Avec une charge moyenne de 200 kg par filtre, ces installations stockent de l’ordre de 500 000 tonnes de sable, et consomment pour le « rétro lavage » plus de 12 millions de m3 d’eau par an. Il y a donc matière à « optimisation ». Nous retrouvons ces configurations peu optimisées dans le monde du tourisme ou du loisir collectif avec les piscines municipales ou de camping, la balnéothérapie et les spa. Il en est de même pour les usages planétaires de filtres destinés à la production de notre alimentation via l’agriculture, l’élevage et la transformation agro-industrielle.
Genèse de KOB : d’un garage à une usine, du constat au SANDBAG®
Nous avons démarré du constat de la non-optimisation des processus de collecte du verre et donc la présence de « gisements » de déchets pouvant devenir une « ressource ». En effet les politiques de récupération sélectives ont eu des effets positifs et majeurs … en partant de zéro, mais pour certains pays et certains type de déchets le tri plafonne. En 2017, les données d’analyse donnent pour le verre d’emballage (flacons, bouteilles, pots..) le chiffre de 75 % seulement des déchets d’emballage triés correctement. Le même constat est fait dans d’autres pays européens aussi bien structurés et volontaristes en récupération sélective (voir le Modecom de l’ADEME de 2017, celui de 2024 n’étant pas encore disponible).

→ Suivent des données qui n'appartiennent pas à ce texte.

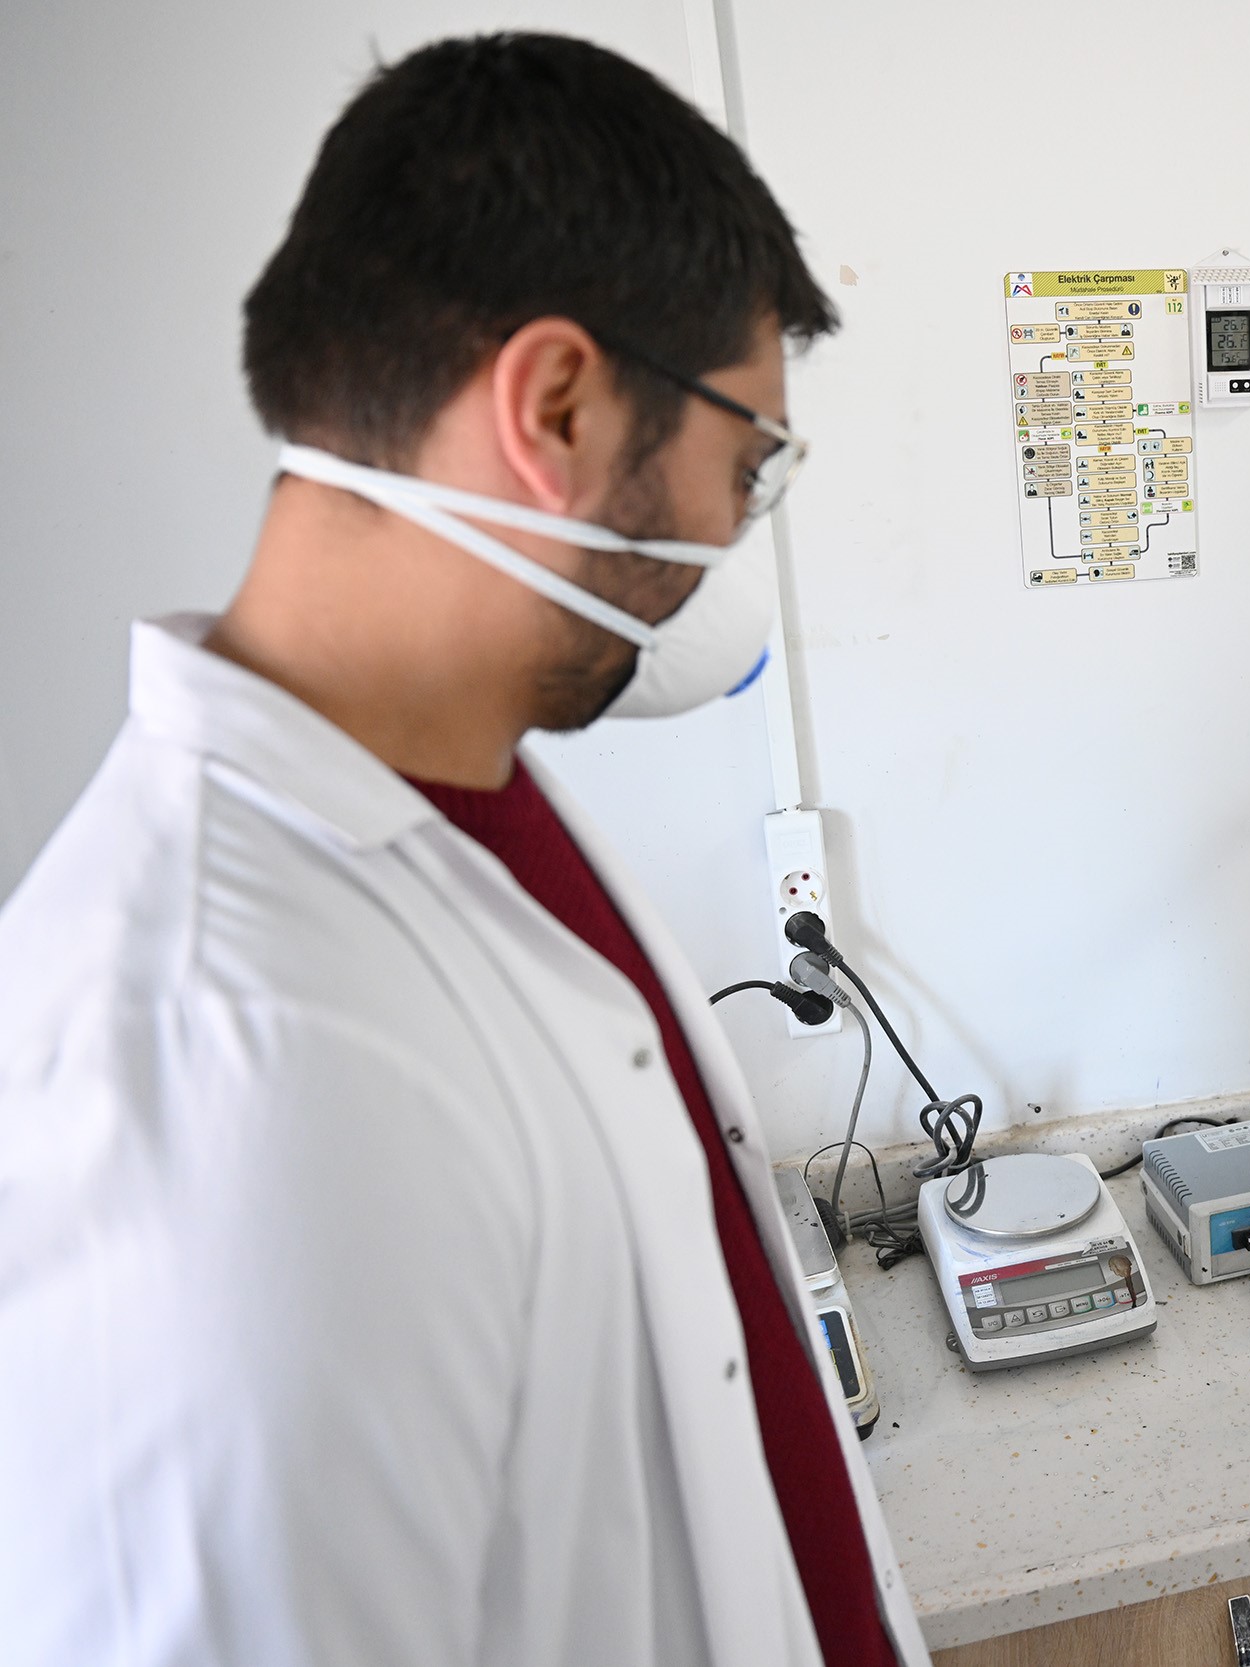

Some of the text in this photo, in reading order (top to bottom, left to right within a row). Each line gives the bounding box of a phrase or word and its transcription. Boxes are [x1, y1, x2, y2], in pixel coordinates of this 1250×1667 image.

Notre « intuition », née de l’observation du comportement des fluides au sein d’un filtre et du phénomène de création de la « galette de saletés » en haut du filtre qui implique le « rétro lavage », ainsi que des essais « artisanaux » sur le broyage et la ségrégation de la taille des « grains » nous a fait considérer une solution technique innovante, permettant le déplacement des particules du haut vers le bas sans créer ce bouchon à l’origine d’une dépense en eau et électricité en rétro lavage.

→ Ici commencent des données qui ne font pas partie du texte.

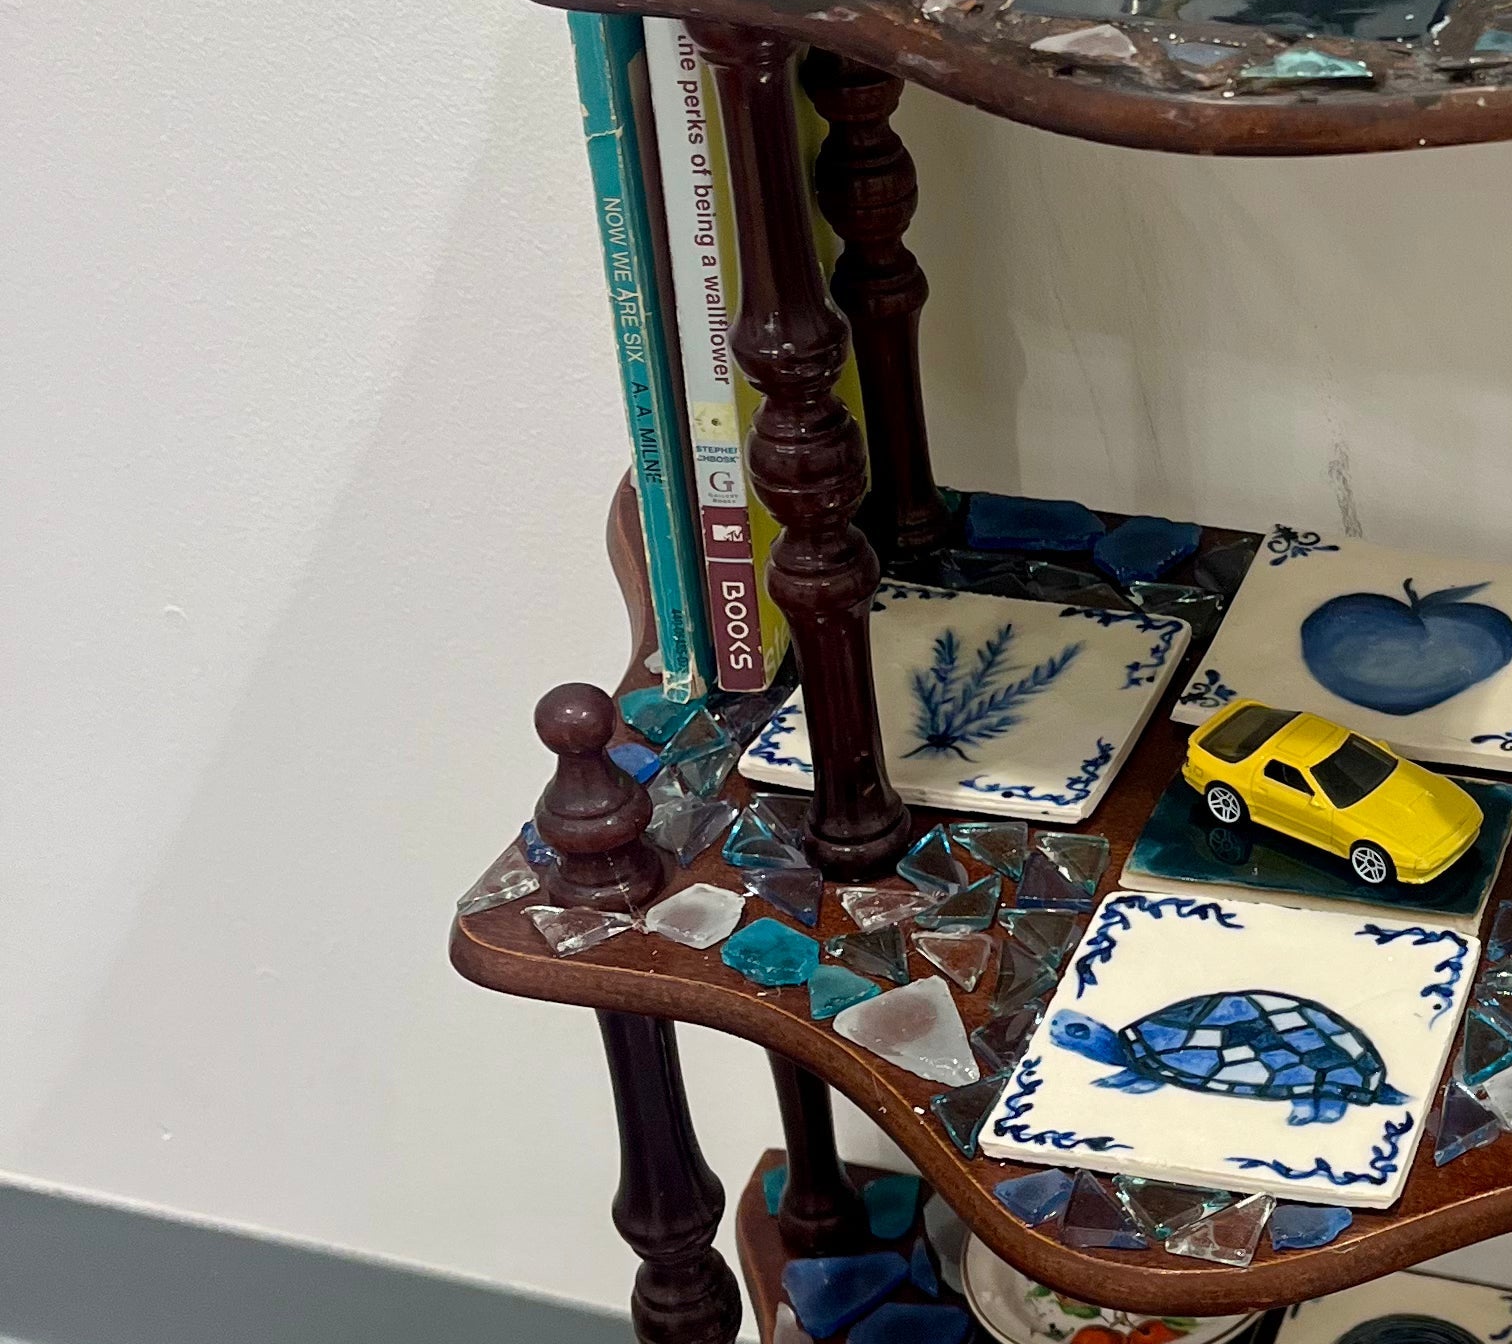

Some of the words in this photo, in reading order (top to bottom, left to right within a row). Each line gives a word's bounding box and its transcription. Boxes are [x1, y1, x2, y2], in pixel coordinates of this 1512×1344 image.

Il s’agit d’une solution industrielle légère « low tech » adaptable aux filtres existants, facile à mettre en place et à « nettoyer » pour maintenance, garantissant plusieurs impacts « vertueux ».
Le remplacement du sable par un déchet recyclé, diminuant drastiquement l’usage de l’eau pour nettoyer et donc la consommation d’électricité pour soutenir les cycles de nettoyage. Pour cela nous avons inventé, après trois ans de Recherche et Développement, d’essais variés sur la taille des grains et les modes d’ensachage, un produit adapté et un « kit » avec des tailles diverses de grains le SANDBAG® et sa déclinaison Rouge Vert Bleu ainsi que selon la taille des filtres (de 50 kg à plus de 400 kg de sable en vrac, la taille supérieure étant la norme en application industrielle et agricole pour des « batteries » de 5 ,10 voire plus de filtres).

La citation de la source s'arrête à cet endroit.